#### Problem to solve:
Word for word, output the data that follows.

#### Data for processing:
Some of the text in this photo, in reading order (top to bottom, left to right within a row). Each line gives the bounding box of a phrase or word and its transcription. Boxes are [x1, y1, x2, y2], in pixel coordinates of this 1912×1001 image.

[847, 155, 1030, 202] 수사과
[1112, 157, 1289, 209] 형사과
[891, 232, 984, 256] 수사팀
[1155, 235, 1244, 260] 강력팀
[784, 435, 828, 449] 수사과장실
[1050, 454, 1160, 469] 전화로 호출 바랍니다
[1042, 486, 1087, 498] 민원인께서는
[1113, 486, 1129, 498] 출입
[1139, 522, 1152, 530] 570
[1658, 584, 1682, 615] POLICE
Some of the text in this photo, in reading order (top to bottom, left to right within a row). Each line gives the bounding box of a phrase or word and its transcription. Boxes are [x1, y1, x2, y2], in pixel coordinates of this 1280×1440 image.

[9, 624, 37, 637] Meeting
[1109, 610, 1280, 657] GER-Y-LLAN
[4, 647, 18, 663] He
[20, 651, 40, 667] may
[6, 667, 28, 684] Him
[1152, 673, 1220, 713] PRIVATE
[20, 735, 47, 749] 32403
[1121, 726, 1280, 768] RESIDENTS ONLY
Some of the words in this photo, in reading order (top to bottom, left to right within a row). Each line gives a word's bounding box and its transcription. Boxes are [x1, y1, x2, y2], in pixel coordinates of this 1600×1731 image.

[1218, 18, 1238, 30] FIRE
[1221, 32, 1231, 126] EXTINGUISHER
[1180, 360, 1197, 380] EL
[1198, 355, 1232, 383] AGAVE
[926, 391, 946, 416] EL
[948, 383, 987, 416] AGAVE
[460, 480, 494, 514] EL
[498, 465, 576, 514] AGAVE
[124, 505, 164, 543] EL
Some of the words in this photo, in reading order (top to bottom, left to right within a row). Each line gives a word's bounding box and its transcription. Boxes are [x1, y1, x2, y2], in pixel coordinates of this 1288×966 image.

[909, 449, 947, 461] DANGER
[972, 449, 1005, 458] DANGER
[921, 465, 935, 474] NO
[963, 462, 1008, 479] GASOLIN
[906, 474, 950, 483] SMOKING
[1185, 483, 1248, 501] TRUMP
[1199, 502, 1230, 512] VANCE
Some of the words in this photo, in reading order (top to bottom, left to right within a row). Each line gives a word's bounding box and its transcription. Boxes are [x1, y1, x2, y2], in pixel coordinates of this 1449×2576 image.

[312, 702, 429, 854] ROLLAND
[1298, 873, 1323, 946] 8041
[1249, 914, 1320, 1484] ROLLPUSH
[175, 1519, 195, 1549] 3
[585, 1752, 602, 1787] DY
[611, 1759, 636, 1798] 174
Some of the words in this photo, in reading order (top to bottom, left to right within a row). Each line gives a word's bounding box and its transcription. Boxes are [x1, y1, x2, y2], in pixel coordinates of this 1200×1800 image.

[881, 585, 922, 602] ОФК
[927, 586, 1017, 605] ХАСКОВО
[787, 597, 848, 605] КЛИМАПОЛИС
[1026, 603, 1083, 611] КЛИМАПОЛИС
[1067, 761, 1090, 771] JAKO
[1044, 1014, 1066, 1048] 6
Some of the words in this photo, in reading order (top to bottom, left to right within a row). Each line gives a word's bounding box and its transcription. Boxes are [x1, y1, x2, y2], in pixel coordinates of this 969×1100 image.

#### Exercise solution:
Some of the text in this photo, in reading order (top to bottom, left to right within a row). Each line gives the bounding box of a phrase or word and its transcription. Boxes are [x1, y1, x2, y2], in pixel coordinates of this 1912×1001 image.

[847, 155, 1030, 202] 수사과
[1112, 157, 1289, 209] 형사과
[891, 232, 984, 256] 수사팀
[1155, 235, 1244, 260] 강력팀
[784, 435, 828, 449] 수사과장실
[1050, 454, 1160, 469] 전화로 호출 바랍니다
[1042, 486, 1087, 498] 민원인께서는
[1113, 486, 1129, 498] 출입
[1139, 522, 1152, 530] 570
[1658, 584, 1682, 615] POLICE
Some of the text in this photo, in reading order (top to bottom, left to right within a row). Each line gives the bounding box of a phrase or word and its transcription. Boxes are [x1, y1, x2, y2], in pixel coordinates of this 1280×1440 image.

[9, 624, 37, 637] Meeting
[1109, 610, 1280, 657] GER-Y-LLAN
[4, 647, 18, 663] He
[20, 651, 40, 667] may
[6, 667, 28, 684] Him
[1152, 673, 1220, 713] PRIVATE
[20, 735, 47, 749] 32403
[1121, 726, 1280, 768] RESIDENTS ONLY
Some of the words in this photo, in reading order (top to bottom, left to right within a row). Each line gives a word's bounding box and its transcription. Boxes are [x1, y1, x2, y2], in pixel coordinates of this 1600×1731 image.

[1218, 18, 1238, 30] FIRE
[1221, 32, 1231, 126] EXTINGUISHER
[1180, 360, 1197, 380] EL
[1198, 355, 1232, 383] AGAVE
[926, 391, 946, 416] EL
[948, 383, 987, 416] AGAVE
[460, 480, 494, 514] EL
[498, 465, 576, 514] AGAVE
[124, 505, 164, 543] EL
Some of the words in this photo, in reading order (top to bottom, left to right within a row). Each line gives a word's bounding box and its transcription. Boxes are [x1, y1, x2, y2], in pixel coordinates of this 1288×966 image.

[909, 449, 947, 461] DANGER
[972, 449, 1005, 458] DANGER
[921, 465, 935, 474] NO
[963, 462, 1008, 479] GASOLIN
[906, 474, 950, 483] SMOKING
[1185, 483, 1248, 501] TRUMP
[1199, 502, 1230, 512] VANCE
Some of the words in this photo, in reading order (top to bottom, left to right within a row). Each line gives a word's bounding box and its transcription. Boxes are [x1, y1, x2, y2], in pixel coordinates of this 1449×2576 image.

[312, 702, 429, 854] ROLLAND
[1298, 873, 1323, 946] 8041
[1249, 914, 1320, 1484] ROLLPUSH
[175, 1519, 195, 1549] 3
[585, 1752, 602, 1787] DY
[611, 1759, 636, 1798] 174
Some of the words in this photo, in reading order (top to bottom, left to right within a row). Each line gives a word's bounding box and its transcription. Boxes are [x1, y1, x2, y2], in pixel coordinates of this 1200×1800 image.

[881, 585, 922, 602] ОФК
[927, 586, 1017, 605] ХАСКОВО
[787, 597, 848, 605] КЛИМАПОЛИС
[1026, 603, 1083, 611] КЛИМАПОЛИС
[1067, 761, 1090, 771] JAKO
[1044, 1014, 1066, 1048] 6
Some of the words in this photo, in reading order (top to bottom, left to right within a row). Each line gives a word's bounding box and its transcription. Boxes are [x1, y1, x2, y2], in pixel coordinates of this 969×1100 image.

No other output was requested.